◆ Information provided ◆
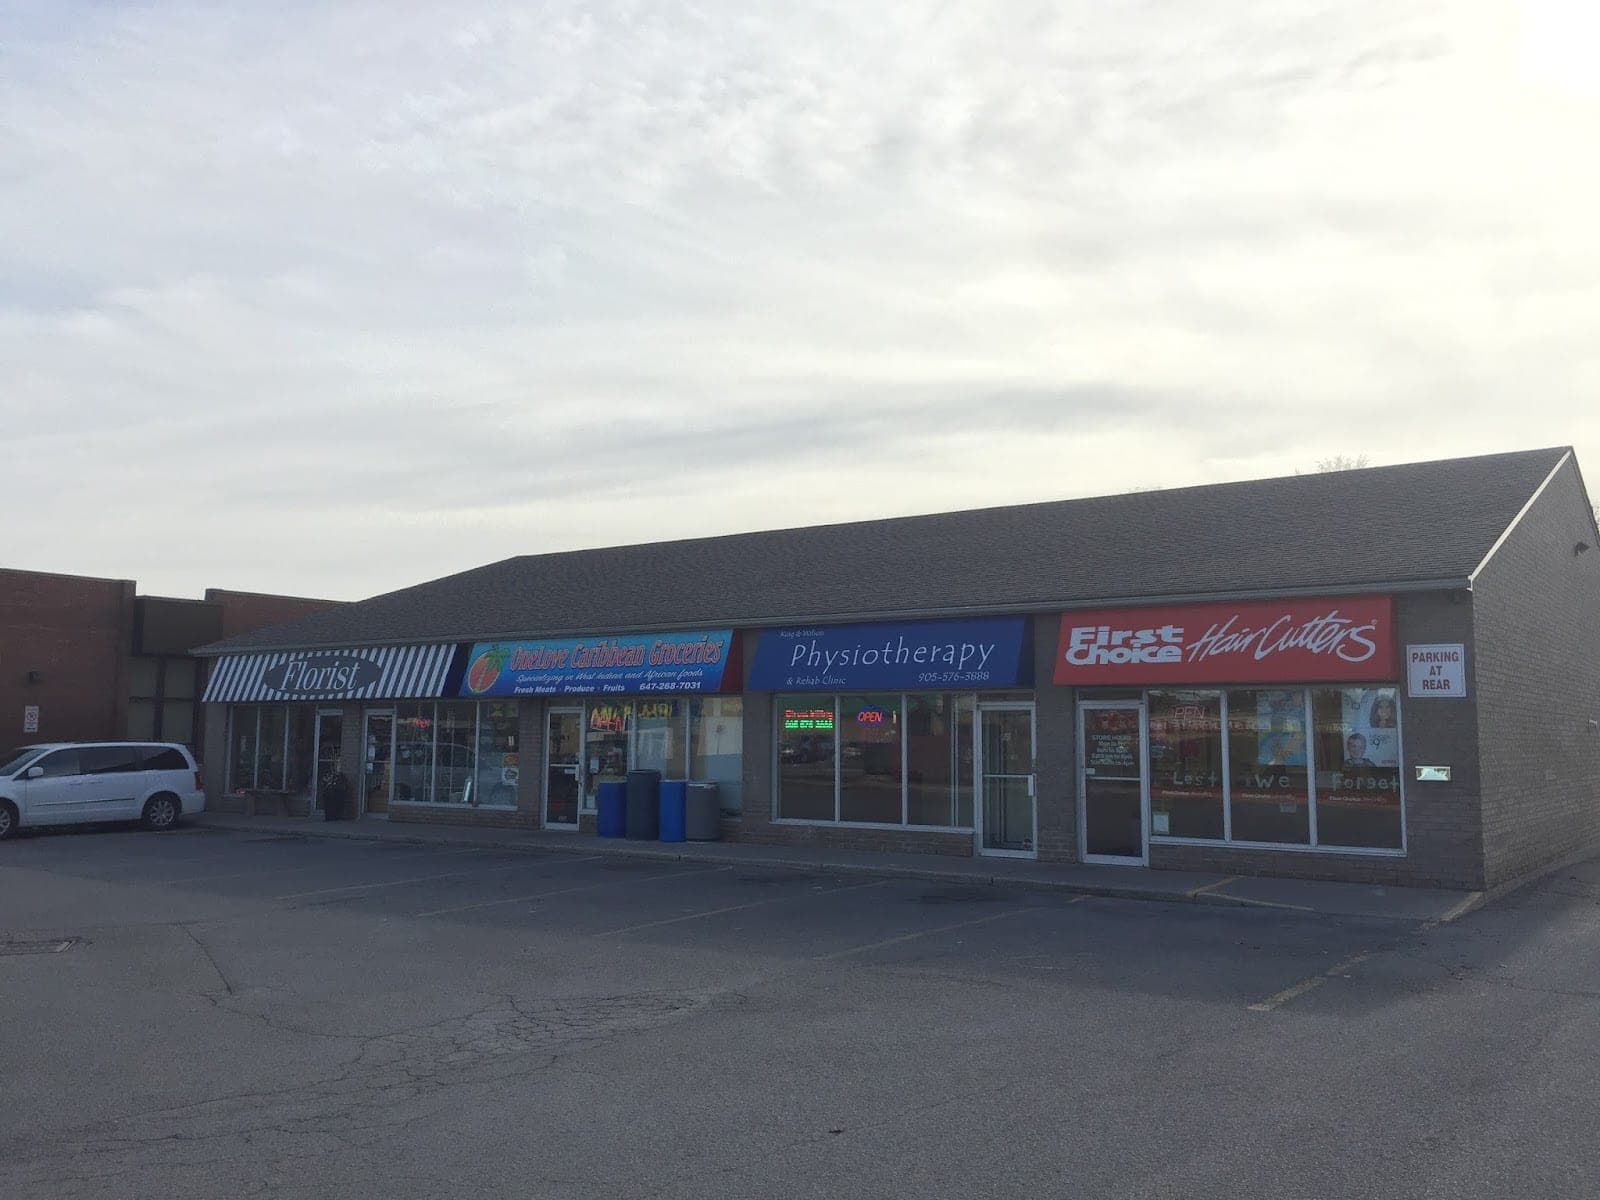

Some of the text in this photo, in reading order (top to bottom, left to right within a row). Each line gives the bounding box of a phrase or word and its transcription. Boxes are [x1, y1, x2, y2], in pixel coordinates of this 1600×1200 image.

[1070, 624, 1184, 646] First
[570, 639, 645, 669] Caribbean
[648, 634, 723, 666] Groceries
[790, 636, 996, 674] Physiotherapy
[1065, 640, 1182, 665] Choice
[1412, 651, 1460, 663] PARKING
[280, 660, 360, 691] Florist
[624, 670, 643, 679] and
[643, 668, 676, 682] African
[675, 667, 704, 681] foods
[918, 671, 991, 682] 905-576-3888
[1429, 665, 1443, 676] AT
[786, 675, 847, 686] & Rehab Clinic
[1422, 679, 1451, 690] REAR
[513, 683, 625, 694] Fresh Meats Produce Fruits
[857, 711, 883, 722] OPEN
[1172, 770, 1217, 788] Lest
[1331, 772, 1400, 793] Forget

◆ Directions ◆
Repeat the data exactly, excluding the pictures.

◆ Answer area ◆
Some of the text in this photo, in reading order (top to bottom, left to right within a row). Each line gives the bounding box of a phrase or word and its transcription. Boxes are [x1, y1, x2, y2], in pixel coordinates of this 1600×1200 image.

[1070, 624, 1184, 646] First
[570, 639, 645, 669] Caribbean
[648, 634, 723, 666] Groceries
[790, 636, 996, 674] Physiotherapy
[1065, 640, 1182, 665] Choice
[1412, 651, 1460, 663] PARKING
[280, 660, 360, 691] Florist
[624, 670, 643, 679] and
[643, 668, 676, 682] African
[675, 667, 704, 681] foods
[918, 671, 991, 682] 905-576-3888
[1429, 665, 1443, 676] AT
[786, 675, 847, 686] & Rehab Clinic
[1422, 679, 1451, 690] REAR
[513, 683, 625, 694] Fresh Meats Produce Fruits
[857, 711, 883, 722] OPEN
[1172, 770, 1217, 788] Lest
[1331, 772, 1400, 793] Forget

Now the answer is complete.